In a post dated August 11th, Senator Warren observed that Aetna had announced it would reevaluate its participation in the Affordable Care Act health exchanges, but at recently as April and May it had praised the exchanges and announced plans to expand its business to more states. Why the sudden change? She noted that since then DOJ filed suit to block Aetna’s proposed merger with Humana on the grounds that it would reduce competition and harm consumers by driving up costs. Warren wrote, “Aetna says this change of tone about the Affordable Care Act has nothing to do with the merger- but some analysts have suggested that Aetna might ‘use its future participation in the exchanges in bargaining over its purchase of Humana.’”

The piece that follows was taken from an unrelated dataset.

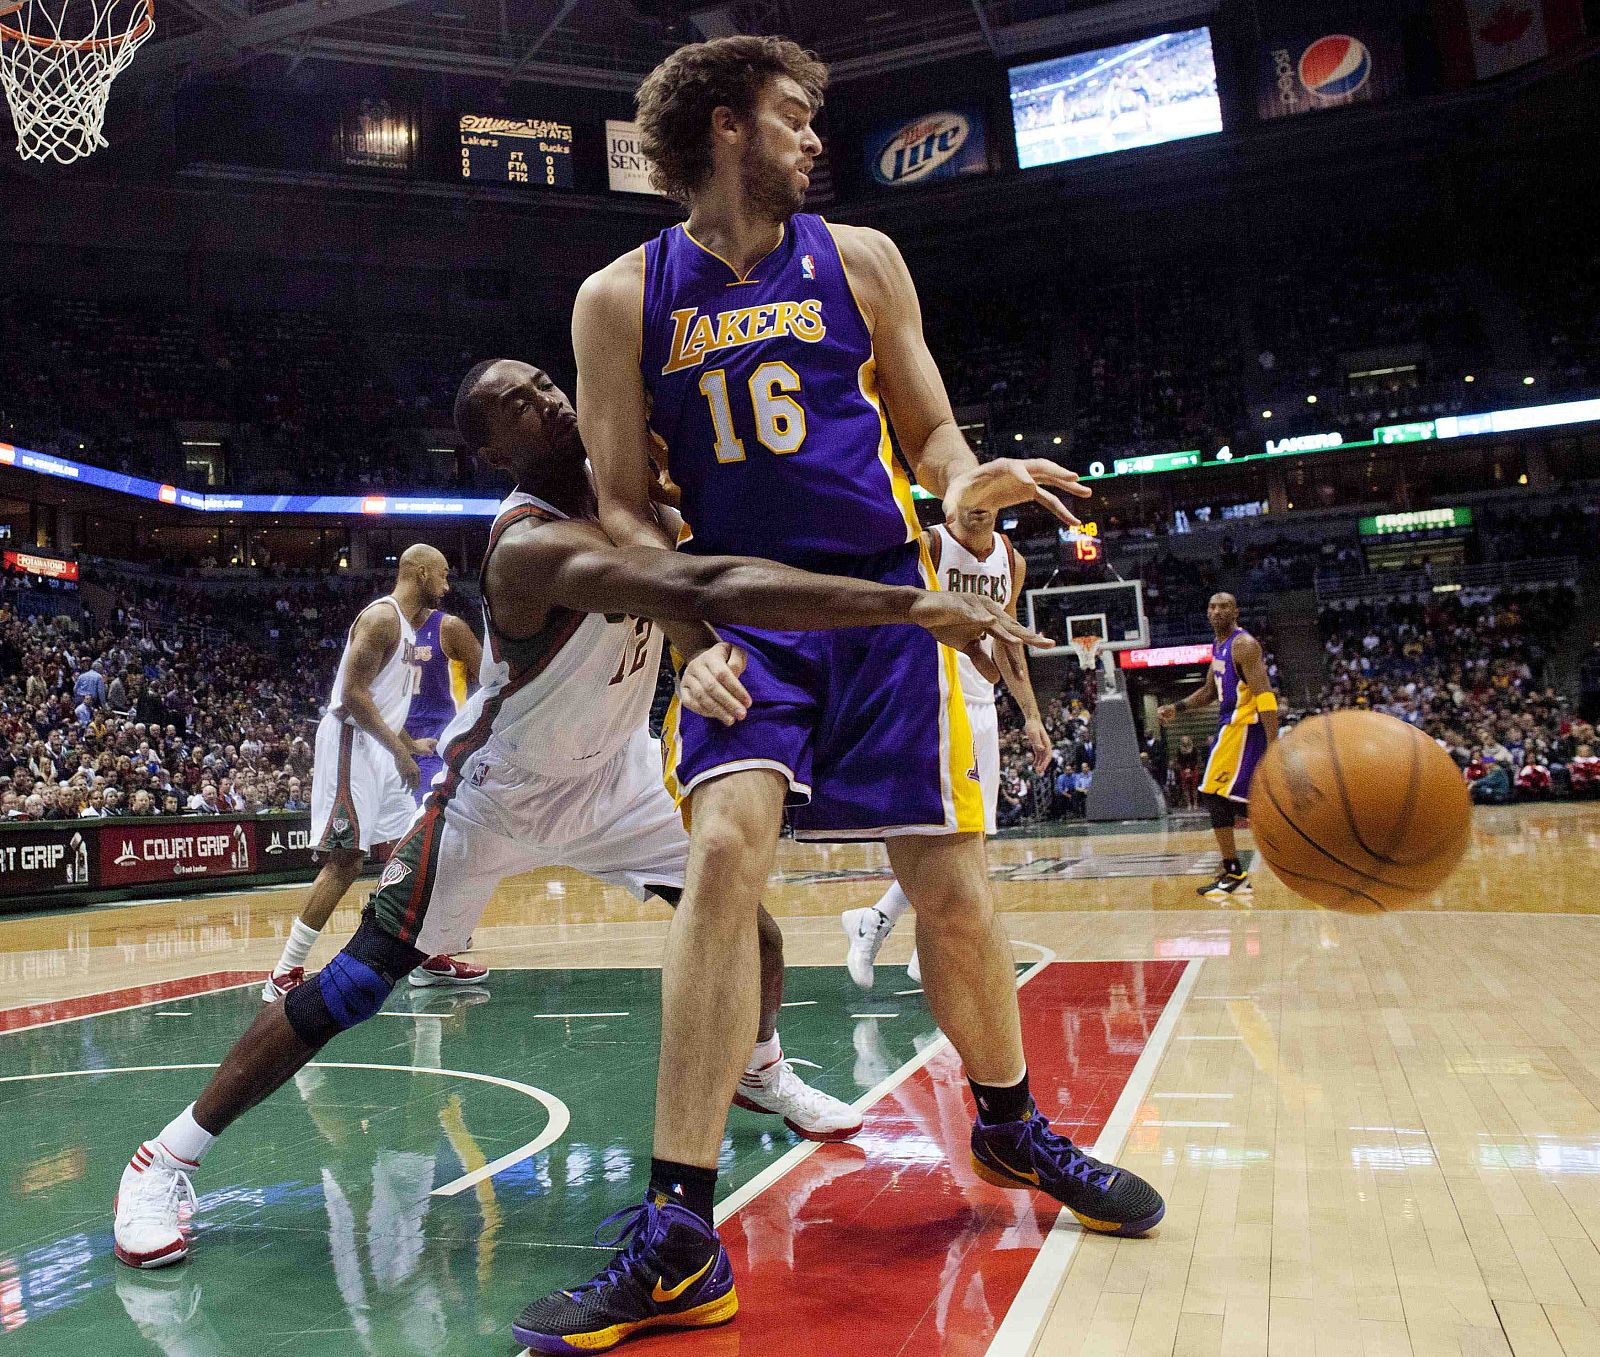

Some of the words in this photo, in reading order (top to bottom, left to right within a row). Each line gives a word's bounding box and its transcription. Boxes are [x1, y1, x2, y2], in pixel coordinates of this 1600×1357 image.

The Senator was not pleased with this. She wrote that Aetna could fight DOJ’s complaint in court, but “violating antitrust law is a legal question, not a political one. The health of the American people should not be used as bargaining chips to force the government to bend to one giant company’s will.” We agree; the Aetna-Humana merger case should be decided on the merits, not on the political clout of insurers.
Also, in an article a couple of weeks ago, former health insurance executive Wendell Potter wrote about what he called “Anthem’s and Aetna’s latest PR ploy to win approval of their plans to buy the companies I used to work for.” Anthem CEO Joseph Swedish said that his company’s acquisition of Cigna would help stabilize pricing in the Affordable Care Act market and allows Anthem to continue and expand its participation on the public exchanges. Essentially, he was saying that the future success of the exchanges depended on whether the merger with Cigna was approved. Anthem has also said that if its proposed merger with Cigna is approved, it will increase its exchange offerings to nine additional states.
Potter wrote that “you have to read between the lines here to understand what’s really going on” and that this statement was really a subtle threat that DOJ should back off and the mergers should be approved. He also noted that “studies of past deals have shown just the opposite, that insurers, newly bulked up after the completion of acquisitions, have pocketed any savings that presumably resulted. The beneficiaries of those deals were the insurers’ shareholders and executives, not their consumers.” This assessment is quite accurate; as we observed before, previous health insurance mergers haven’t helped consumers at all.
Finally, just today we received confirmation of this. Sources reported that in a July 5th letter to DOJ, Aetna CEO Mark Bertolini said that if the merger with Humana were blocked, Aetna could no longer sustain its losses on the exchange, and that it would greatly reduce its presence on the health exchanges, meaning it would no longer offer plans in many states. Bertolini said, “it is very likely that we would need to leave the public exchange business entirely and plan for additional business efficiencies should our deal ultimately be blocked.” This sounds uncomfortably like an attempt to strike a quid pro quo deal with DOJ; you let the merger go through, and we will expand our presence on the health exchanges. Fortunately, Aetna's apparent attempt to extort a favorable outcome from DOJ was rightly rejected.
Competition matters—the evidence is overwhelming that competition in health insurance markets leads to increased choices, lower premiums for consumers, better quality, and increased innovation. Steps should be taken to promote competition on the exchanges so that consumers can benefit. Both health insurance merger cases should be decided based on the facts, and not because of any deals that are struck with companies.